▸ **WORK REQUIRED**
Print every line below exactly as written, but leave the pictures behind.

Records from a collection
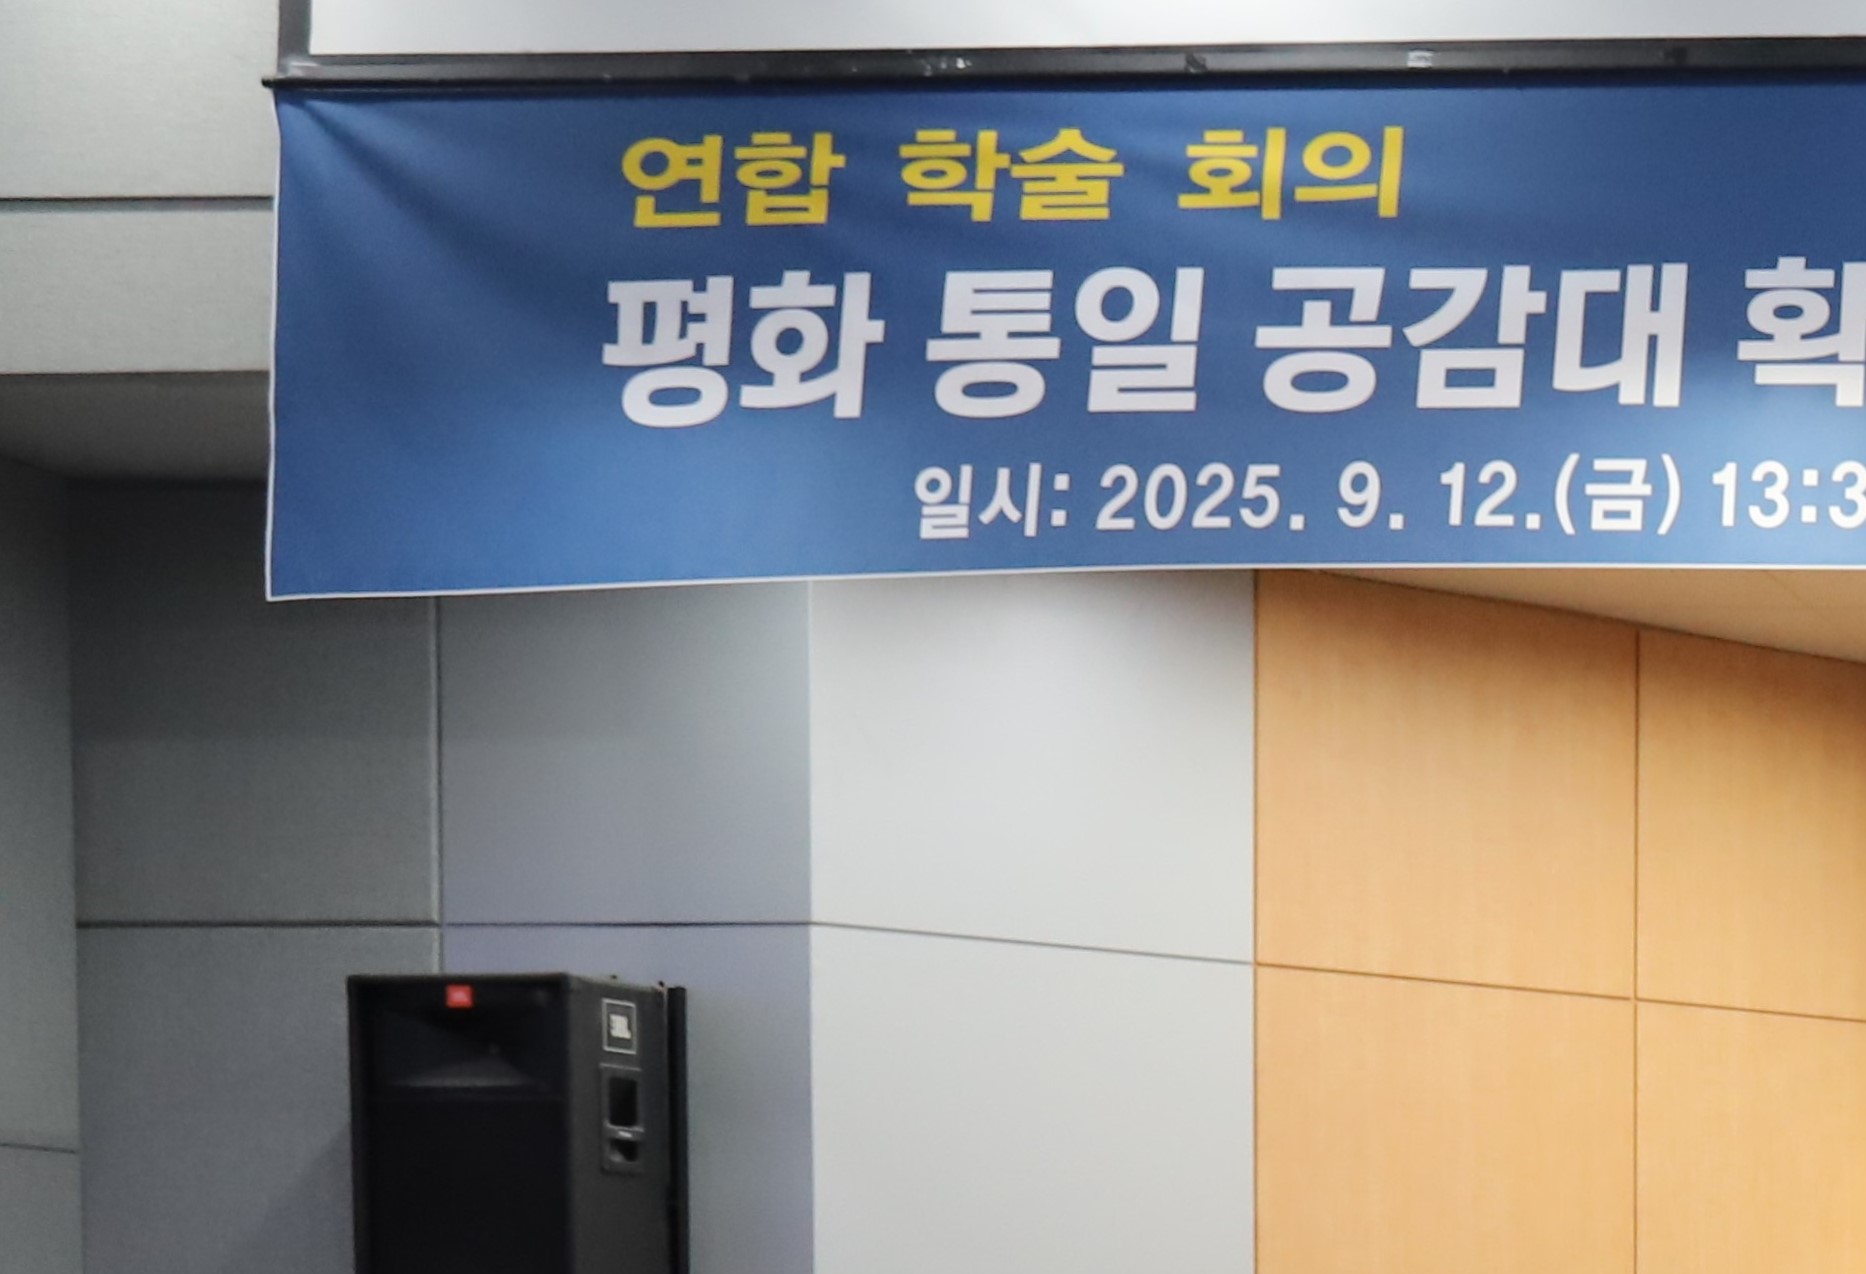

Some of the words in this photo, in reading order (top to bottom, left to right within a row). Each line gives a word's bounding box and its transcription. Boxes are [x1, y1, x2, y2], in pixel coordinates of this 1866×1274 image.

[623, 133, 845, 227] 연합
[900, 128, 1124, 222] 학술
[1178, 126, 1404, 220] 회의
[602, 270, 885, 428] 평화
[926, 266, 1205, 418] 통일
[1254, 263, 1688, 413] 공감대
[914, 462, 1070, 540] 일시:
[1096, 462, 1305, 531] 2025.
[1337, 461, 1404, 530] 9.

▸ **EXERCISE RESPONSE**
Some of the words in this photo, in reading order (top to bottom, left to right within a row). Each line gives a word's bounding box and its transcription. Boxes are [x1, y1, x2, y2], in pixel coordinates of this 1866×1274 image.

[623, 133, 845, 227] 연합
[900, 128, 1124, 222] 학술
[1178, 126, 1404, 220] 회의
[602, 270, 885, 428] 평화
[926, 266, 1205, 418] 통일
[1254, 263, 1688, 413] 공감대
[914, 462, 1070, 540] 일시:
[1096, 462, 1305, 531] 2025.
[1337, 461, 1404, 530] 9.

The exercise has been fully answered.